* **Action item**
Without any pictures, copy the records below once more, exactly as they are.

* **Data supplied**
+---+

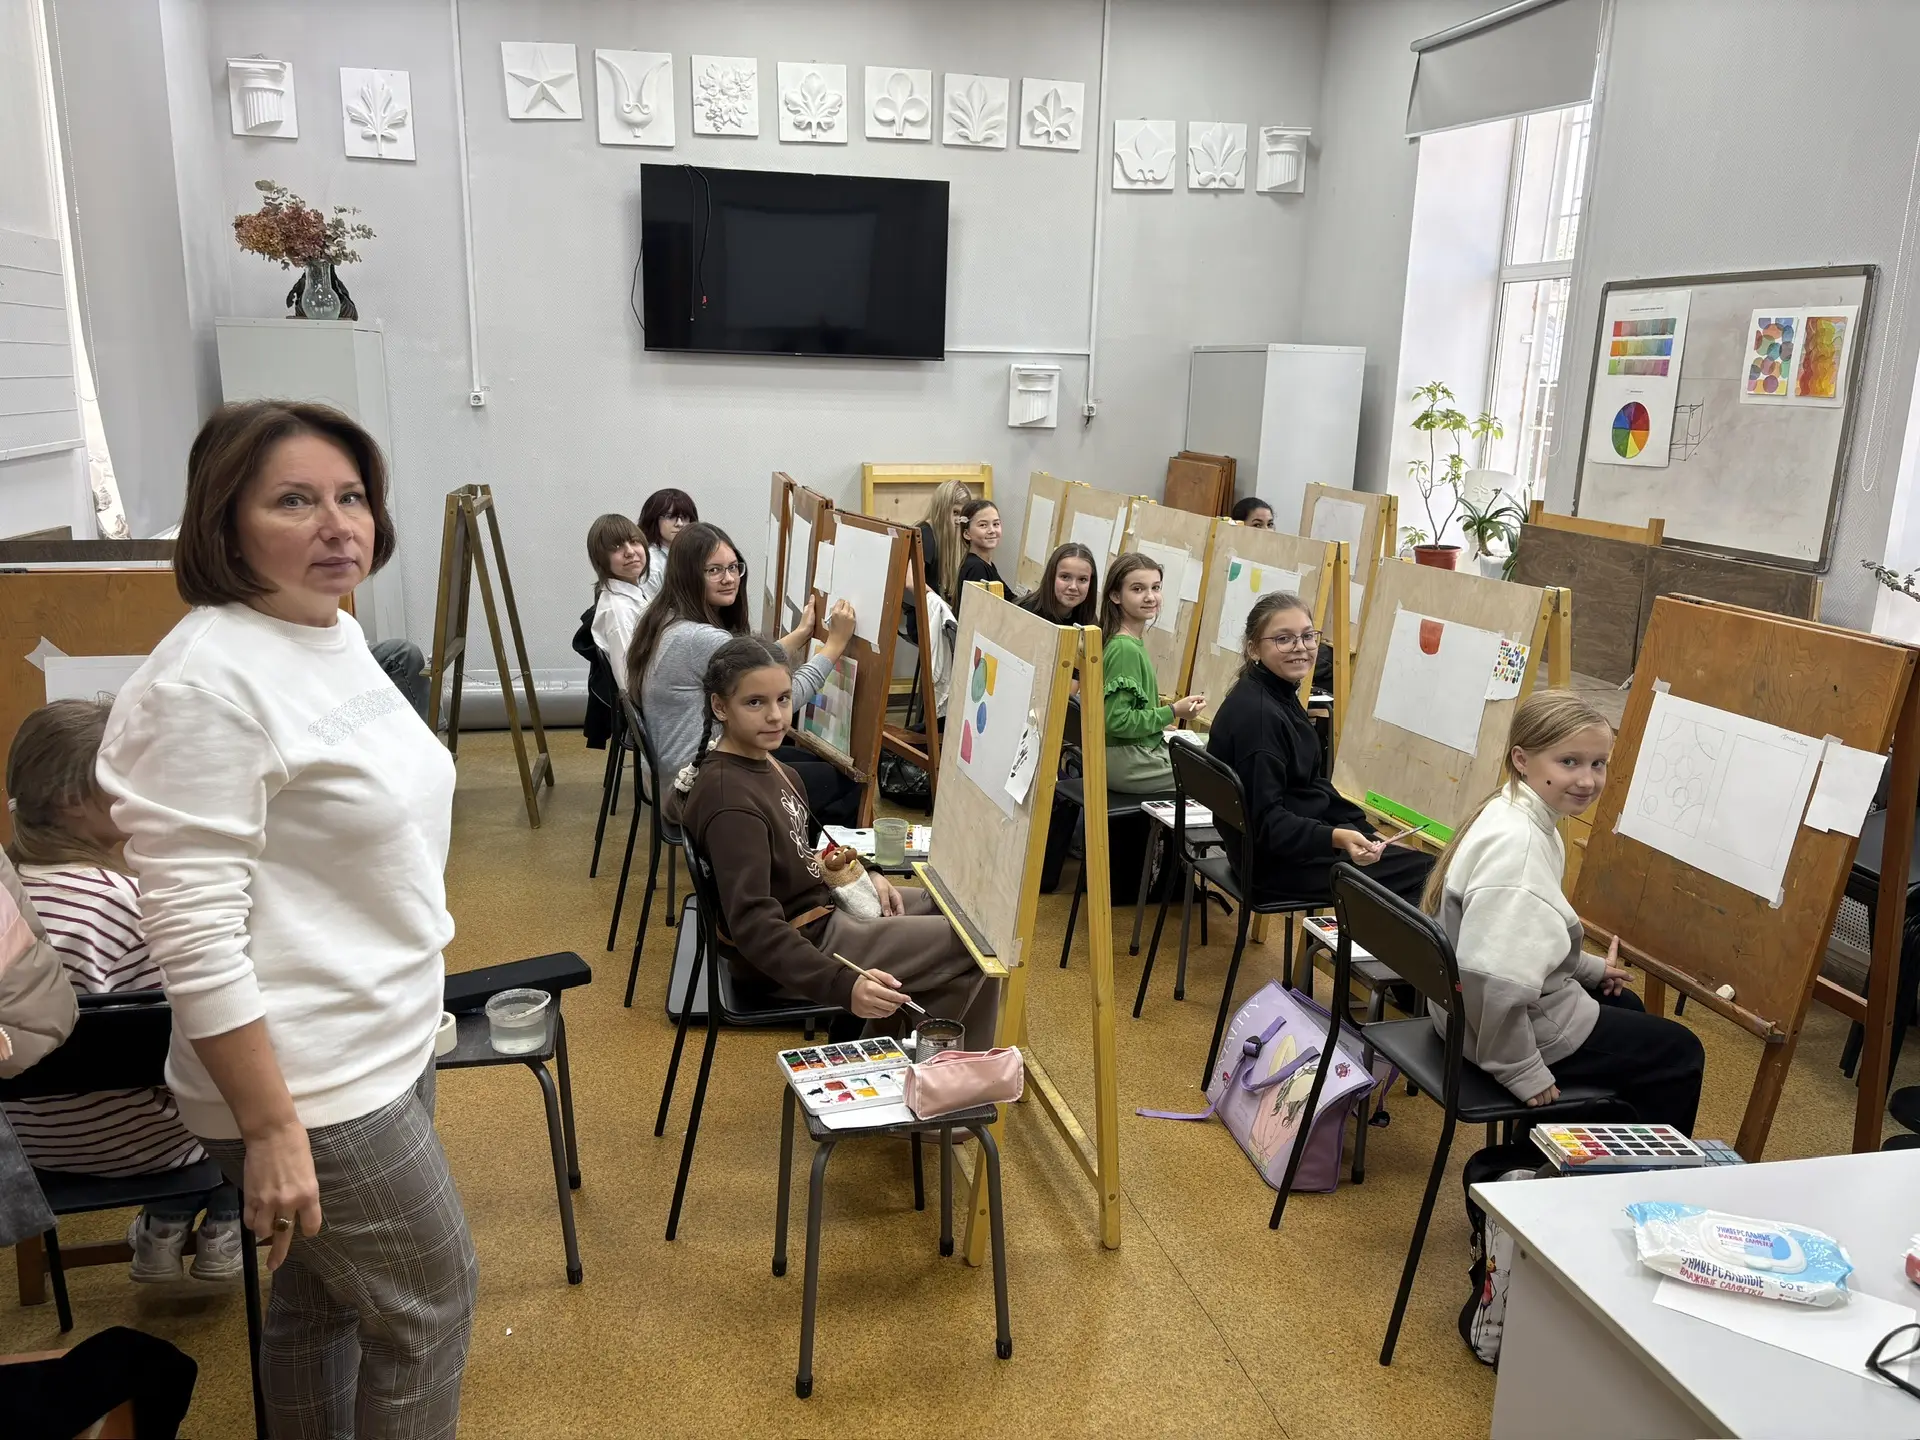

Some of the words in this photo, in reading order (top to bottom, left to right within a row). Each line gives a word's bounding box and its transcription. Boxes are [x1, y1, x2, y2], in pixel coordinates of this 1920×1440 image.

[1716, 1225, 1771, 1241] УНИВЕРСАЛЬНЫЕ
[1679, 1266, 1718, 1286] ВЛАЖНЫЕ
[1720, 1281, 1764, 1297] САЛФЕТКИ
[1681, 1257, 1764, 1288] УНИВЕРСАЛЬНЫЕ
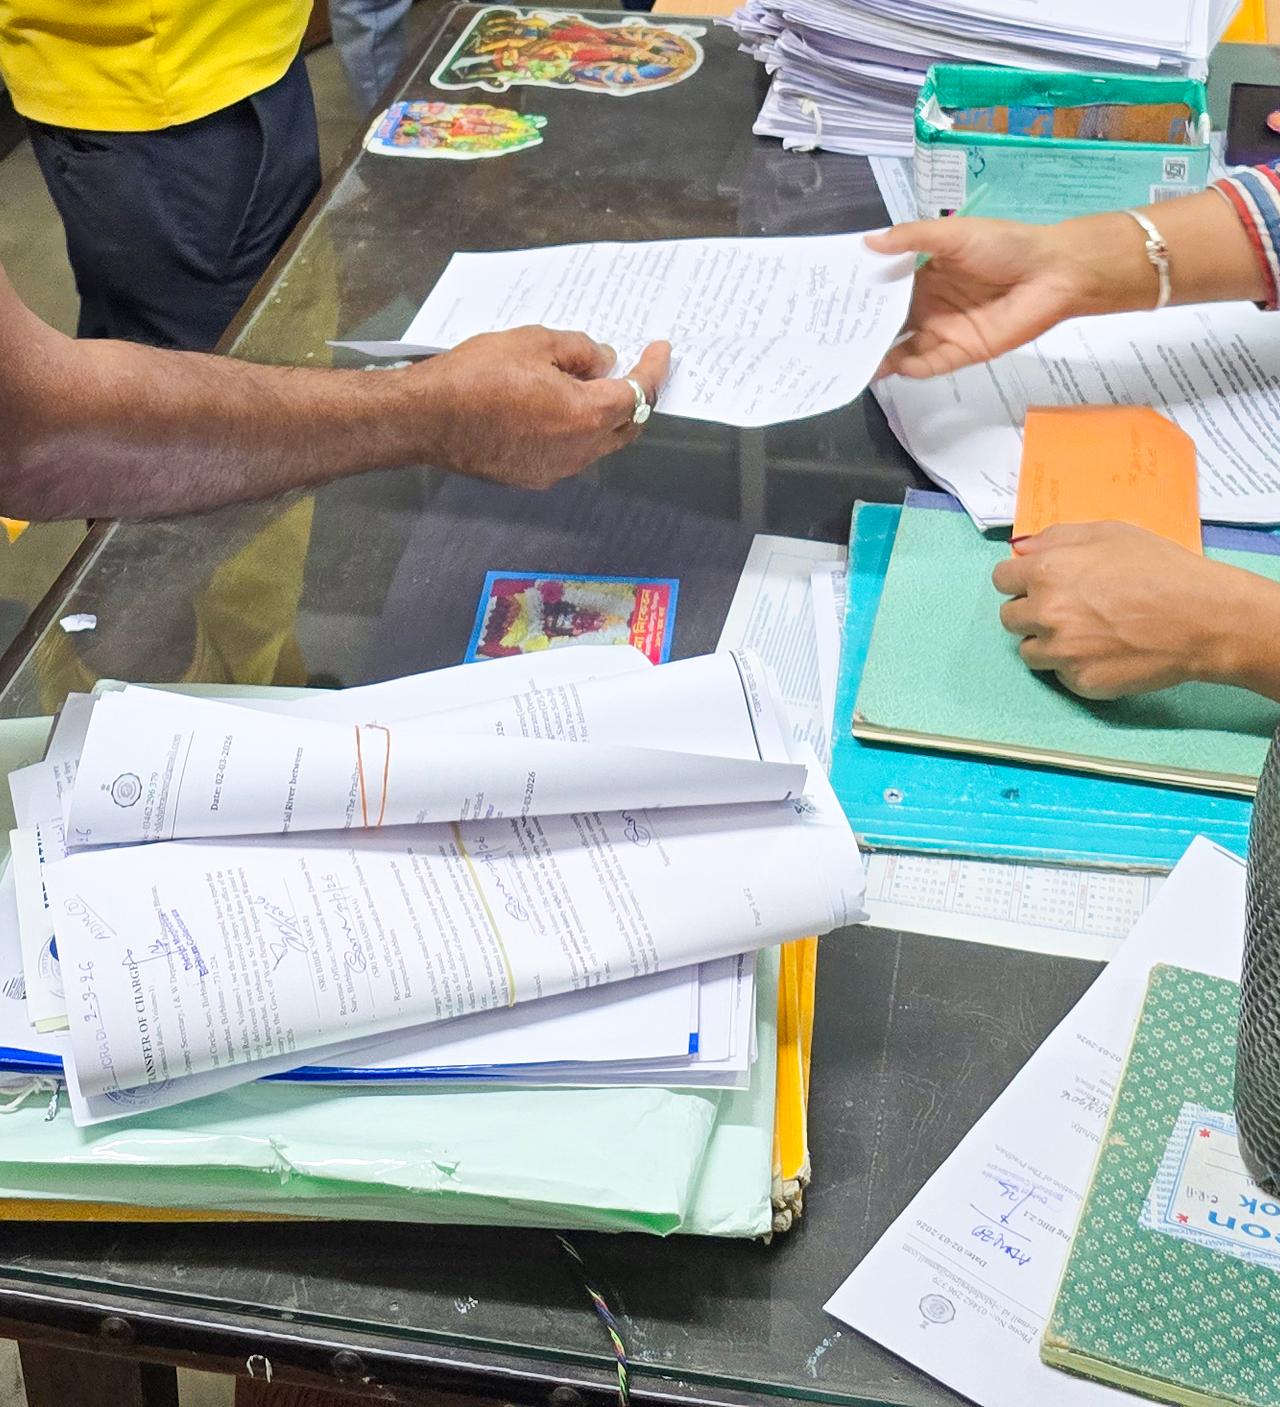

+---+

* **Task result**
Some of the words in this photo, in reading order (top to bottom, left to right within a row). Each line gives a word's bounding box and its transcription. Boxes are [x1, y1, x2, y2], in pixel coordinates of this 1920×1440 image.

[1716, 1225, 1771, 1241] УНИВЕРСАЛЬНЫЕ
[1679, 1266, 1718, 1286] ВЛАЖНЫЕ
[1720, 1281, 1764, 1297] САЛФЕТКИ
[1681, 1257, 1764, 1288] УНИВЕРСАЛЬНЫЕ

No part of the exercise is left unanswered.